### Aim of the exercise
Each entry is to be given again precisely, and no picture may be carried over.
───── Extracted data
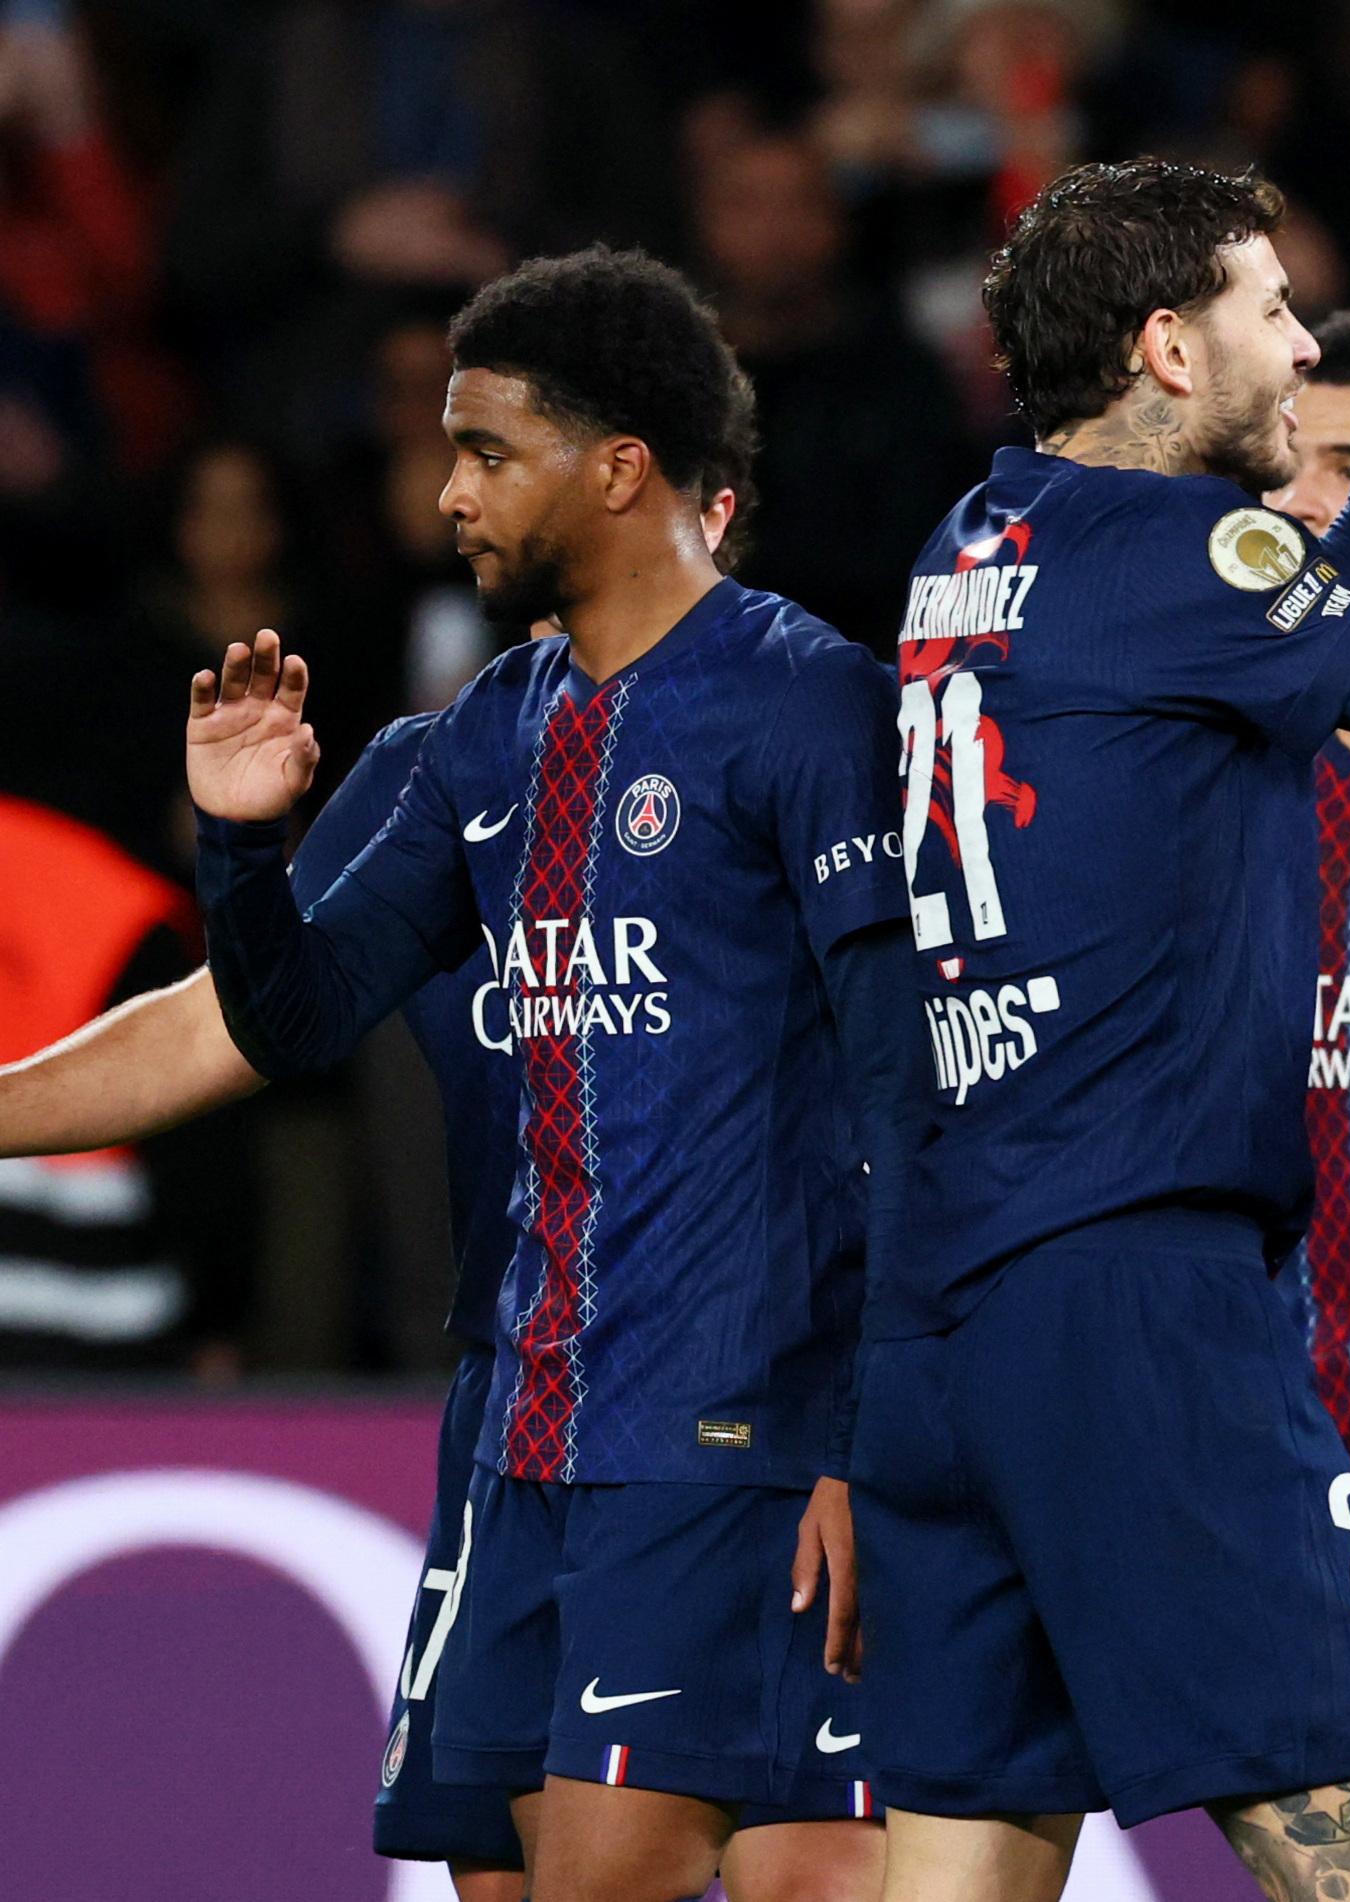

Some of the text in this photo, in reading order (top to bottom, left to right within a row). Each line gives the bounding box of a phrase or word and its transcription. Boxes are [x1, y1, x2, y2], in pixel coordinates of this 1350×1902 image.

[631, 778, 672, 798] PARIS
[897, 671, 1007, 951] 21
[813, 831, 904, 884] BEYO
[481, 917, 668, 989] ATAR
[509, 991, 672, 1039] AIRWAYS
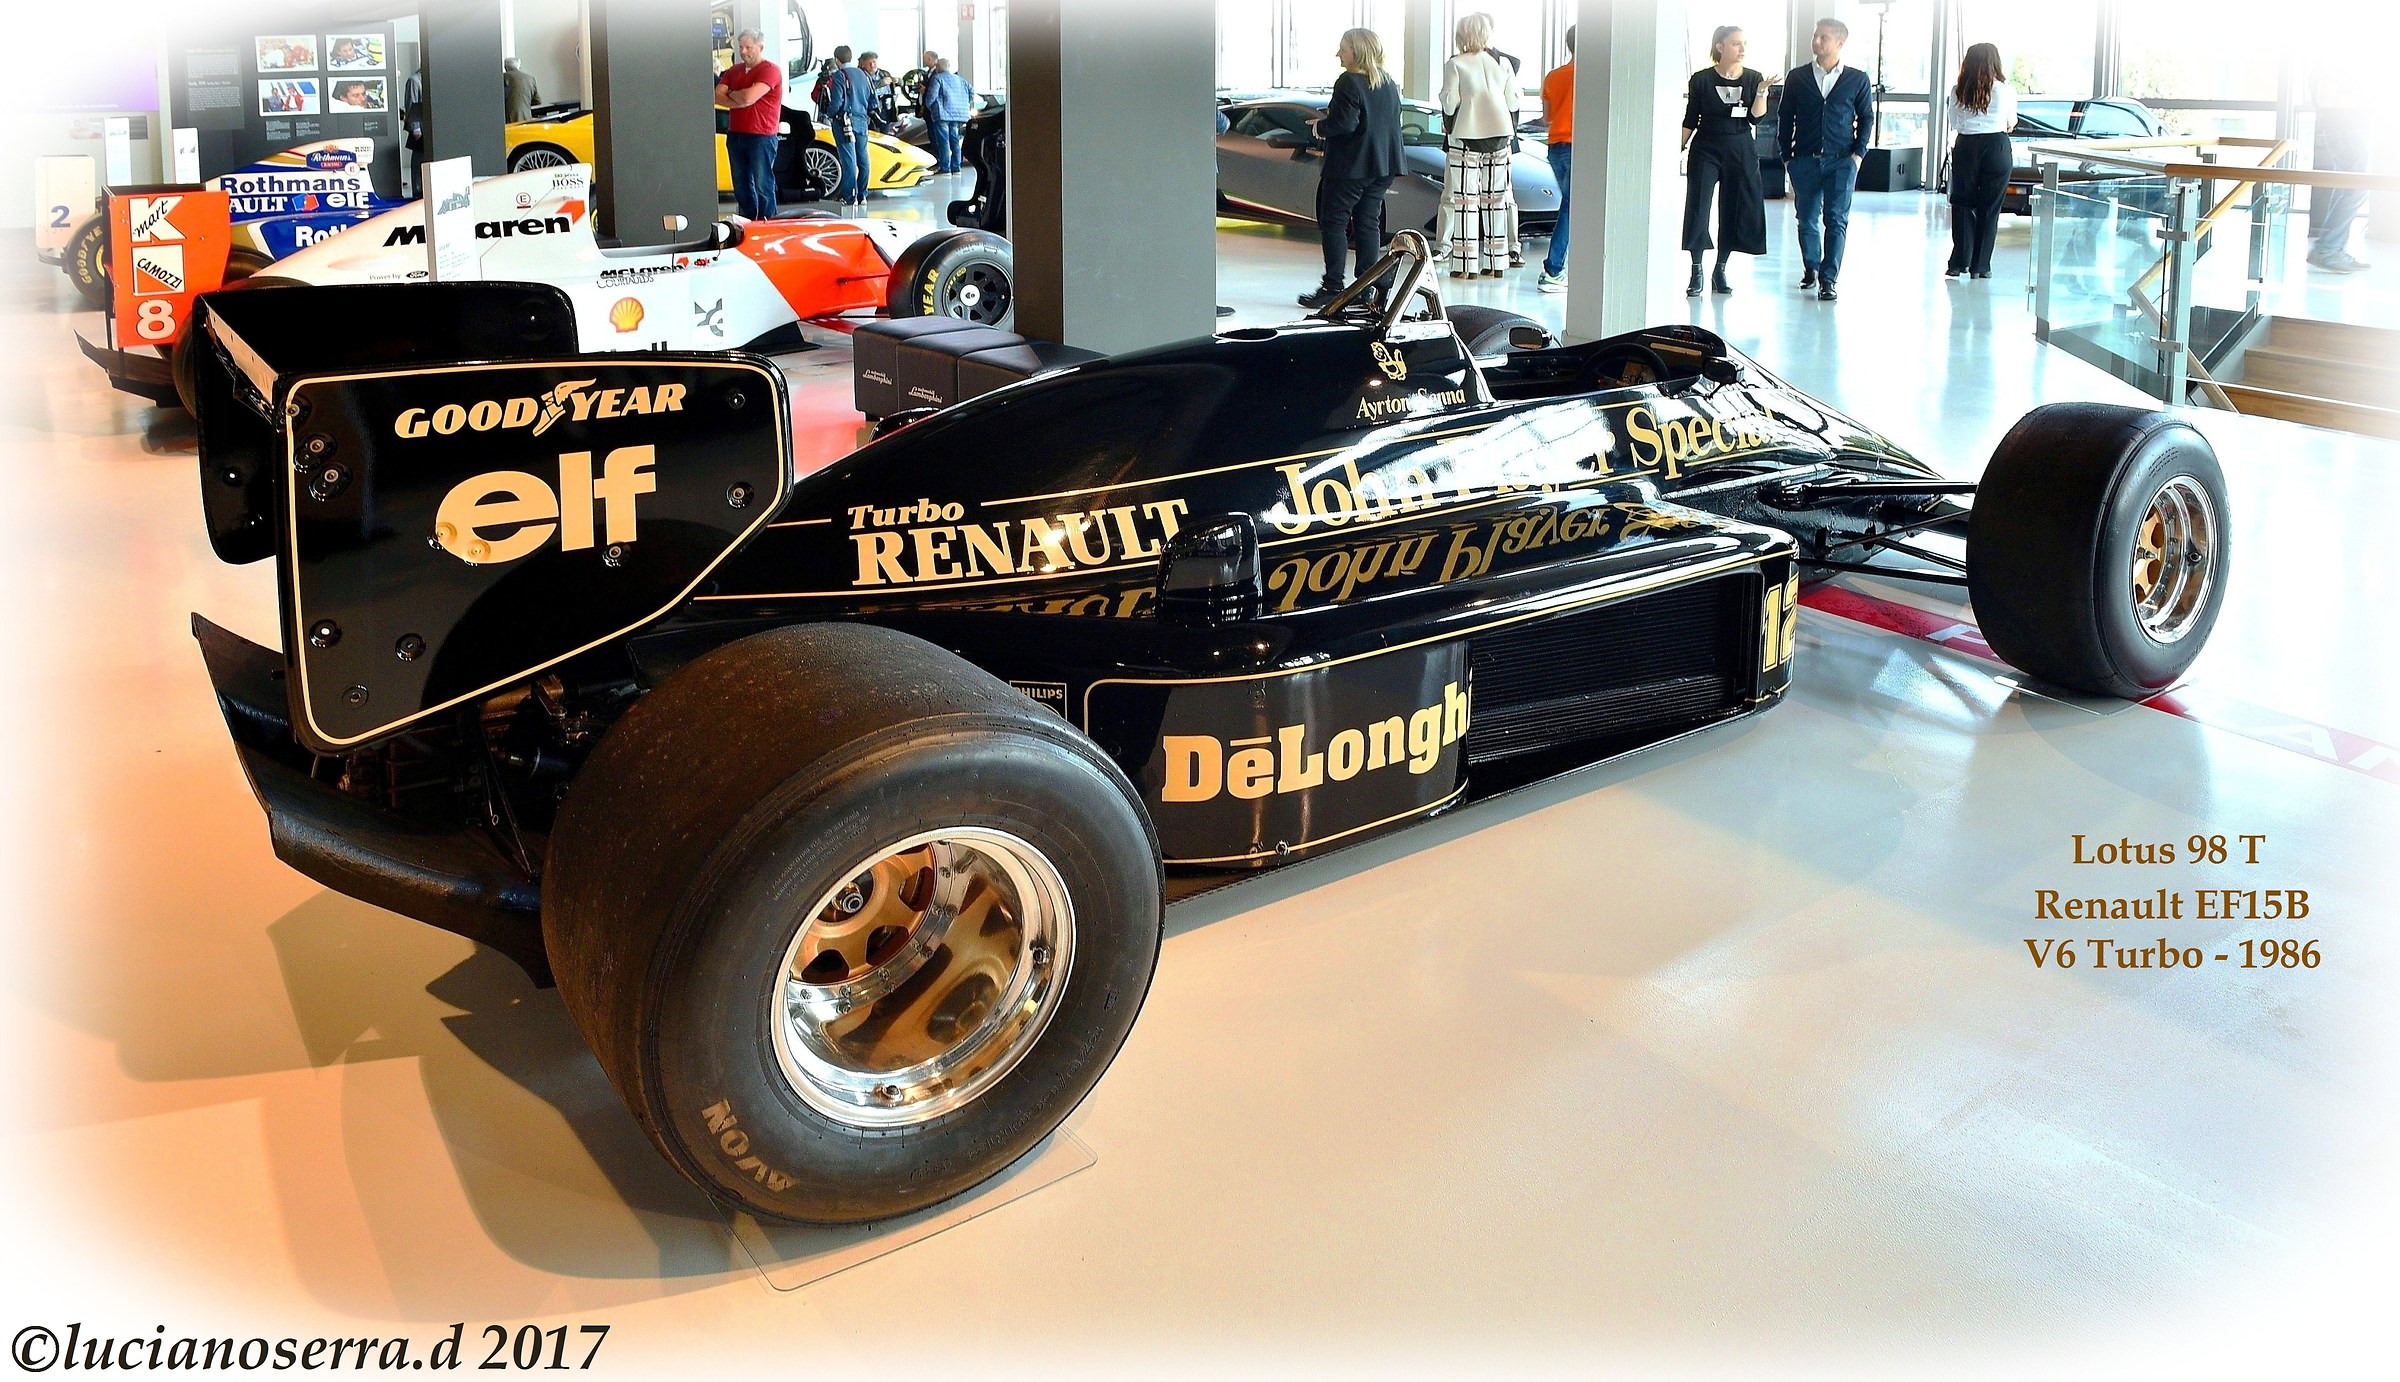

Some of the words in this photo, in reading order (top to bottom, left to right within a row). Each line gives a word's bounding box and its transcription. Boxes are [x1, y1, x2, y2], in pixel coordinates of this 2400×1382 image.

[220, 175, 361, 194] Rothmans
[50, 205, 71, 228] 2
[229, 196, 288, 213] AULT
[383, 216, 570, 247] Maren
[77, 225, 103, 284] GOODYE
[137, 257, 183, 289] CAMOZZI
[922, 268, 939, 315] YEAR
[136, 299, 176, 340] 8
[1356, 395, 1412, 421] Ayrton
[436, 444, 656, 564] elf
[847, 498, 965, 531] Turbo
[849, 498, 1189, 586] RENAULT
[1762, 573, 1798, 673] 12
[701, 1098, 797, 1193] AVON
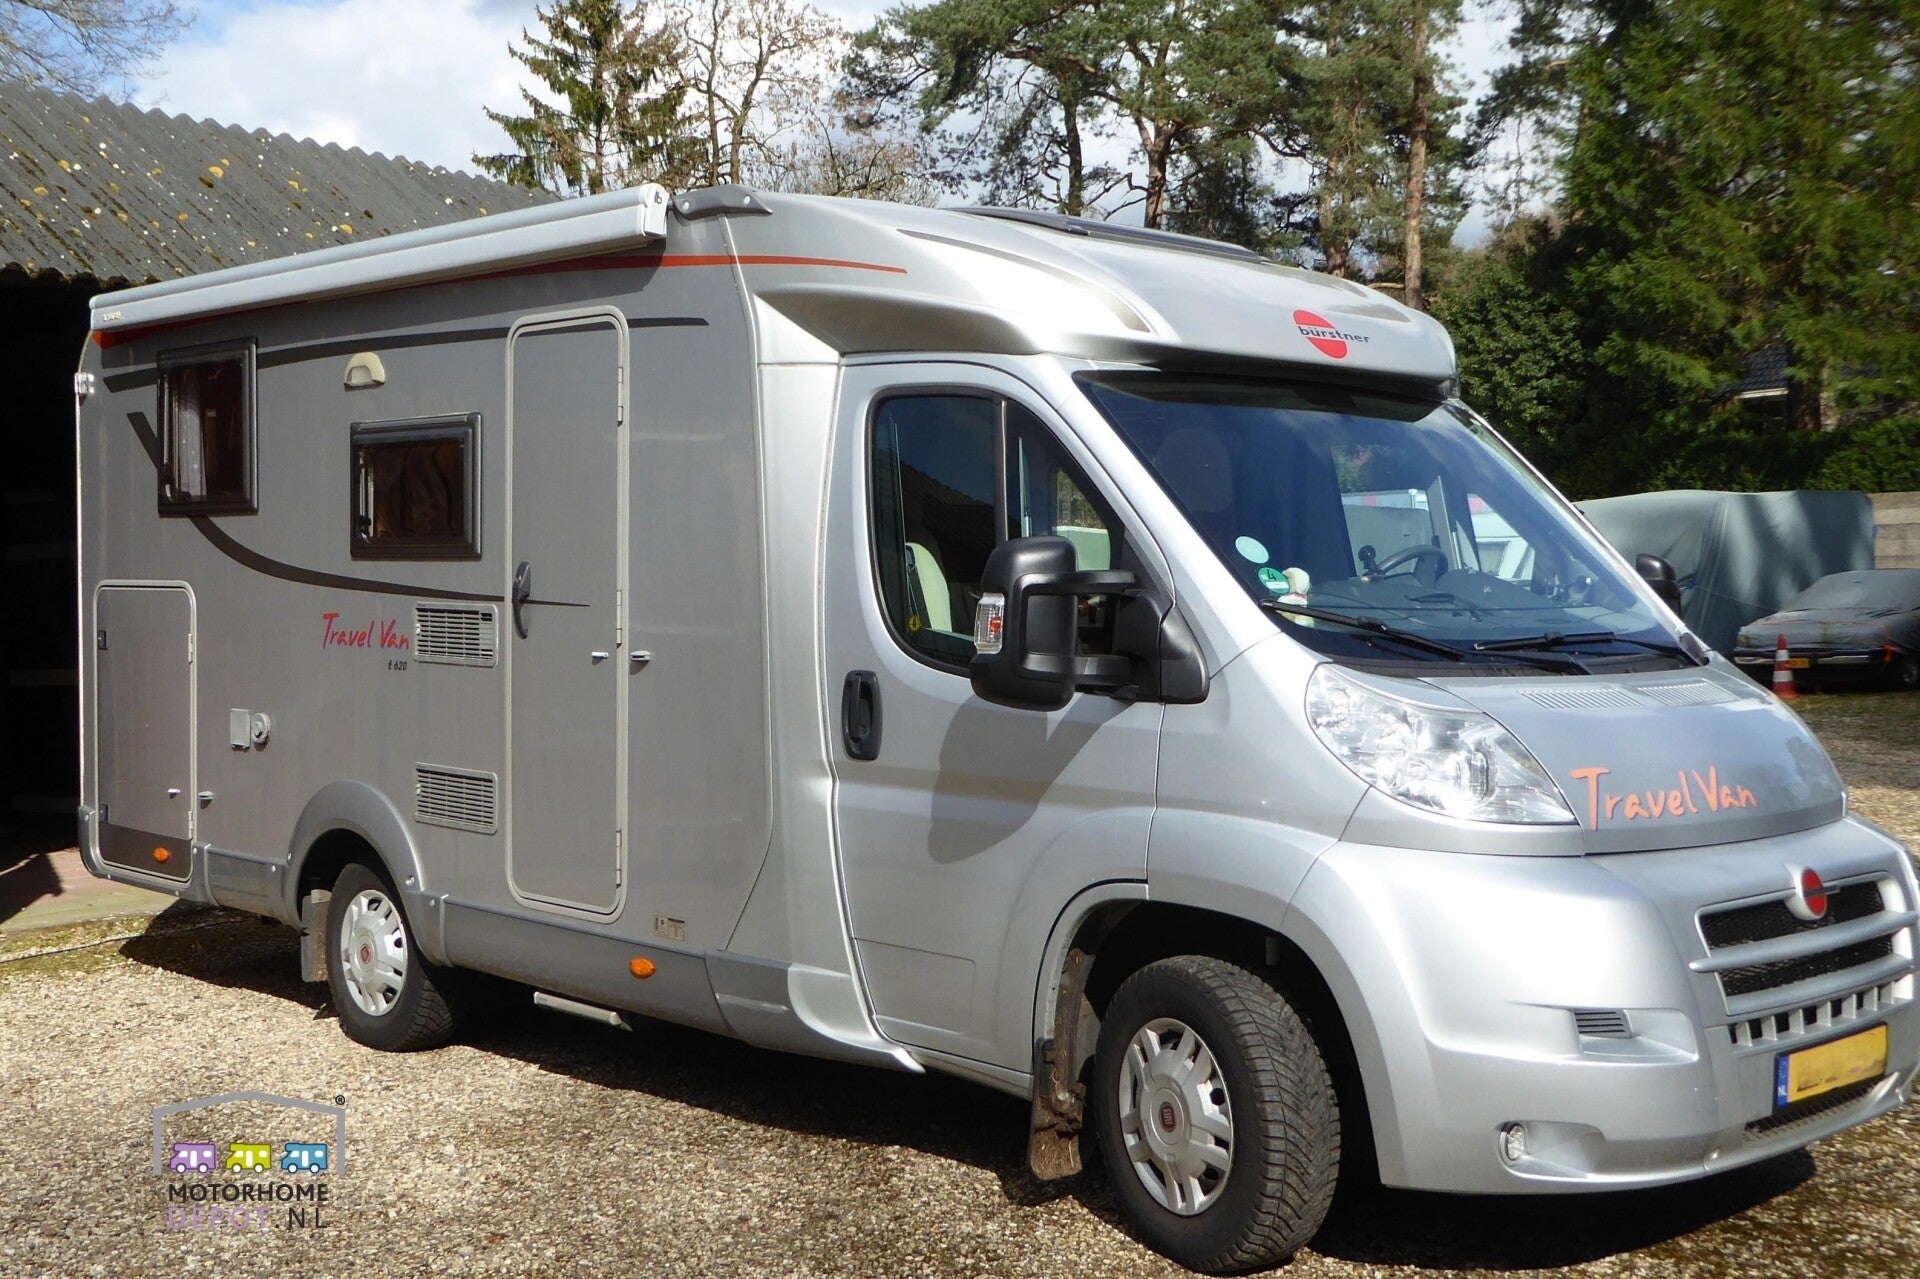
──────────
### Output
Some of the text in this photo, in reading order (top to bottom, left to right within a row). Each line gives the bounding box of a phrase or word and its transcription. Boxes are [x1, y1, x2, y2], in pixel coordinates of this 1350×1902 image.

[631, 778, 672, 798] PARIS
[897, 671, 1007, 951] 21
[813, 831, 904, 884] BEYO
[481, 917, 668, 989] ATAR
[509, 991, 672, 1039] AIRWAYS

Some of the words in this photo, in reading order (top to bottom, left to right within a row). Each line gives a word's bounding box and its transcription. Boxes are [x1, y1, x2, y2], in pixel coordinates of this 2400×1382 image.

[220, 175, 361, 194] Rothmans
[50, 205, 71, 228] 2
[229, 196, 288, 213] AULT
[383, 216, 570, 247] Maren
[77, 225, 103, 284] GOODYE
[137, 257, 183, 289] CAMOZZI
[922, 268, 939, 315] YEAR
[136, 299, 176, 340] 8
[1356, 395, 1412, 421] Ayrton
[436, 444, 656, 564] elf
[847, 498, 965, 531] Turbo
[849, 498, 1189, 586] RENAULT
[1762, 573, 1798, 673] 12
[701, 1098, 797, 1193] AVON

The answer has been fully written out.